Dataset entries
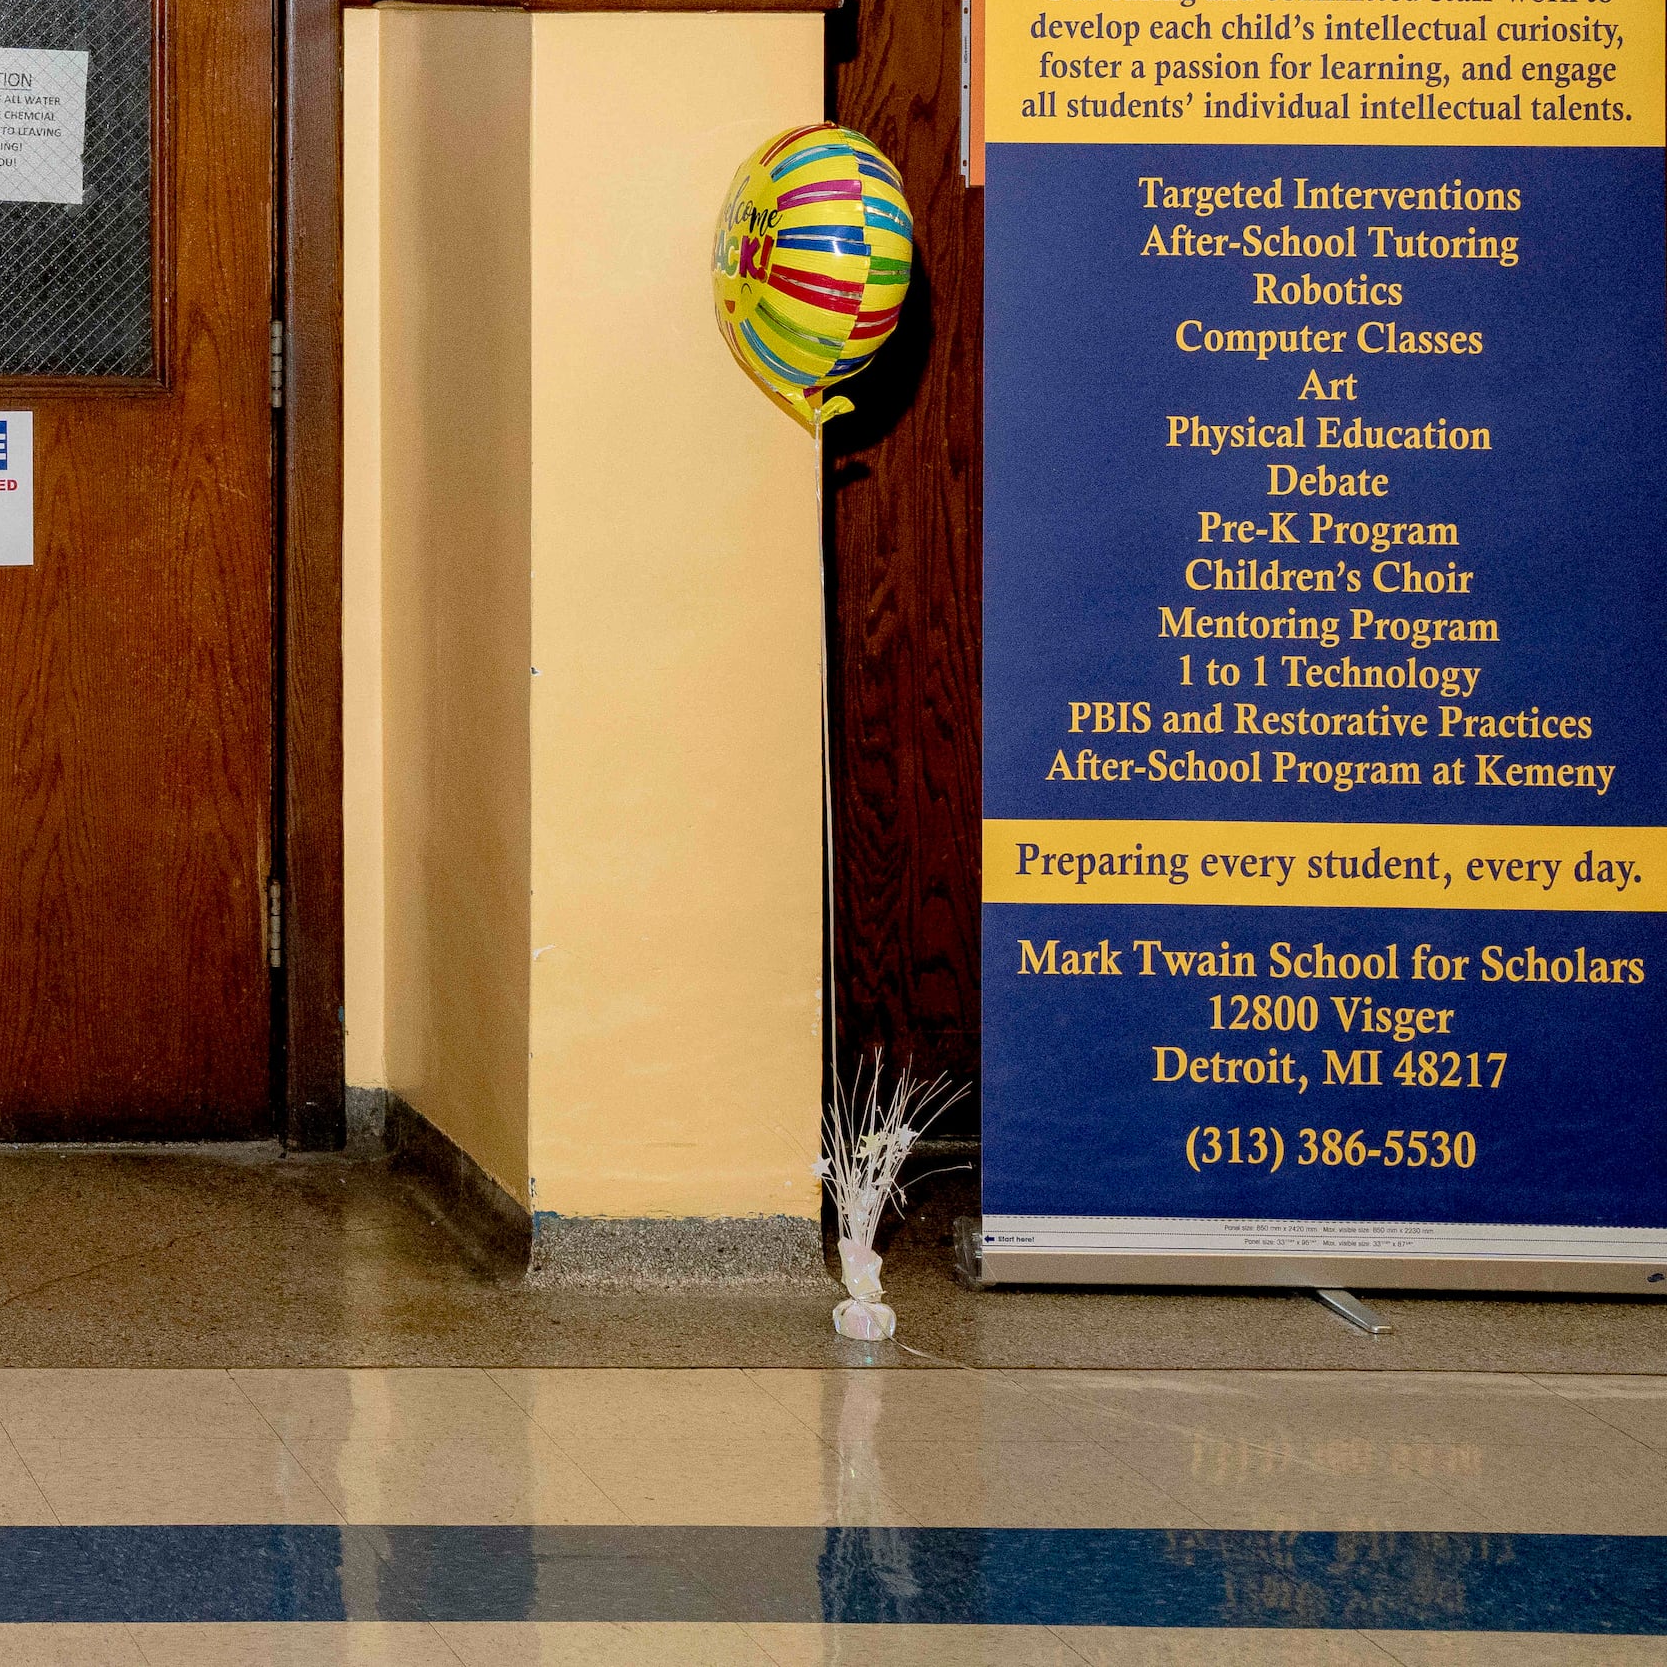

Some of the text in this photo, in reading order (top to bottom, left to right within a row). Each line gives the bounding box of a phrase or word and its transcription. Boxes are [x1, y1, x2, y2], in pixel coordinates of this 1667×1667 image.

[4, 111, 56, 121] CHEMCIAL
[5, 95, 21, 104] ALL
[25, 96, 61, 105] WATER
[2, 127, 15, 135] TO
[18, 127, 62, 137] LEAVING
[724, 176, 782, 236] elcome
[1139, 177, 1521, 217] Targeted Interventions
[712, 230, 774, 283] ACK!
[1141, 224, 1519, 267] After-School Tutoring
[1253, 273, 1402, 305] Robotics
[1176, 320, 1483, 360] Computer Classes
[1298, 369, 1357, 400] Art
[1166, 416, 1492, 455] Physical Education
[1267, 464, 1388, 497] Debate
[1198, 512, 1459, 553] Pre-K Program
[1373, 561, 1473, 593] Choir
[1158, 607, 1500, 649] Mentoring Program
[1180, 654, 1481, 697] 1 to 1 Technology
[1068, 702, 1592, 739] PBIS and Restorative Practices
[1045, 749, 1615, 795] After-School Program at Kemeny
[1017, 939, 1644, 984] Mark Twain School for Scholars
[1210, 995, 1454, 1042] 12800 Visger
[1152, 1047, 1507, 1094] Detroit, MI 48217
[1186, 1126, 1476, 1173] (313) 386-5530
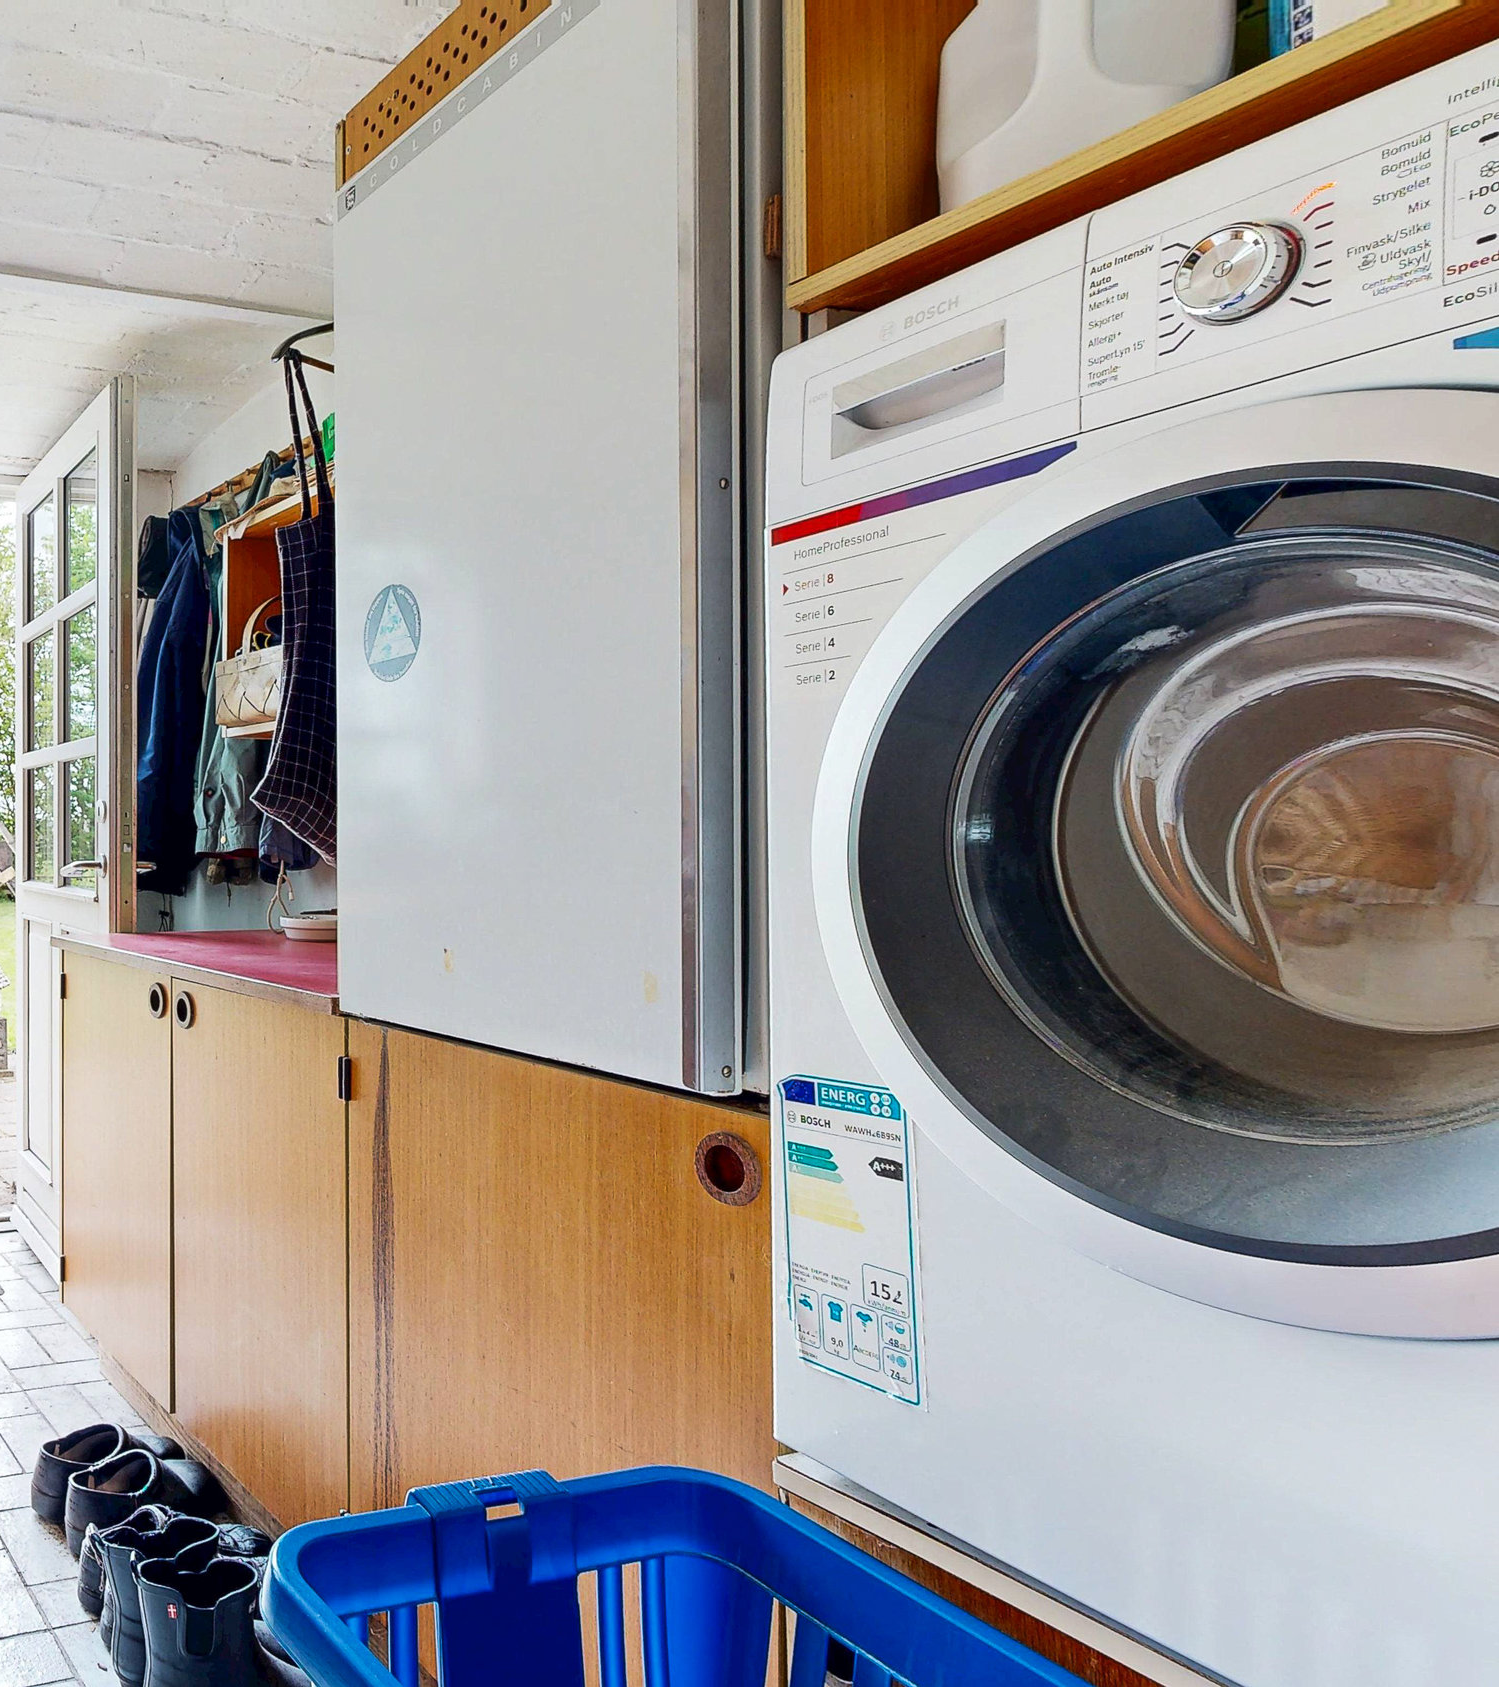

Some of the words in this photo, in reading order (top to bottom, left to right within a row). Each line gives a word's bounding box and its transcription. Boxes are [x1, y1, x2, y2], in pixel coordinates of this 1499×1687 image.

→ Try it
Return every entry above exactly as written, with no pictures included.

→ Response
Some of the text in this photo, in reading order (top to bottom, left to right within a row). Each line gives the bounding box of a phrase or word and its transcription. Boxes are [x1, y1, x2, y2], in pixel coordinates of this 1667×1667 image.

[4, 111, 56, 121] CHEMCIAL
[5, 95, 21, 104] ALL
[25, 96, 61, 105] WATER
[2, 127, 15, 135] TO
[18, 127, 62, 137] LEAVING
[724, 176, 782, 236] elcome
[1139, 177, 1521, 217] Targeted Interventions
[712, 230, 774, 283] ACK!
[1141, 224, 1519, 267] After-School Tutoring
[1253, 273, 1402, 305] Robotics
[1176, 320, 1483, 360] Computer Classes
[1298, 369, 1357, 400] Art
[1166, 416, 1492, 455] Physical Education
[1267, 464, 1388, 497] Debate
[1198, 512, 1459, 553] Pre-K Program
[1373, 561, 1473, 593] Choir
[1158, 607, 1500, 649] Mentoring Program
[1180, 654, 1481, 697] 1 to 1 Technology
[1068, 702, 1592, 739] PBIS and Restorative Practices
[1045, 749, 1615, 795] After-School Program at Kemeny
[1017, 939, 1644, 984] Mark Twain School for Scholars
[1210, 995, 1454, 1042] 12800 Visger
[1152, 1047, 1507, 1094] Detroit, MI 48217
[1186, 1126, 1476, 1173] (313) 386-5530

Some of the words in this photo, in reading order (top to bottom, left to right within a row). Each line gives a word's bounding box and its transcription. Boxes are [x1, y1, x2, y2], in pixel coordinates of this 1499×1687 image.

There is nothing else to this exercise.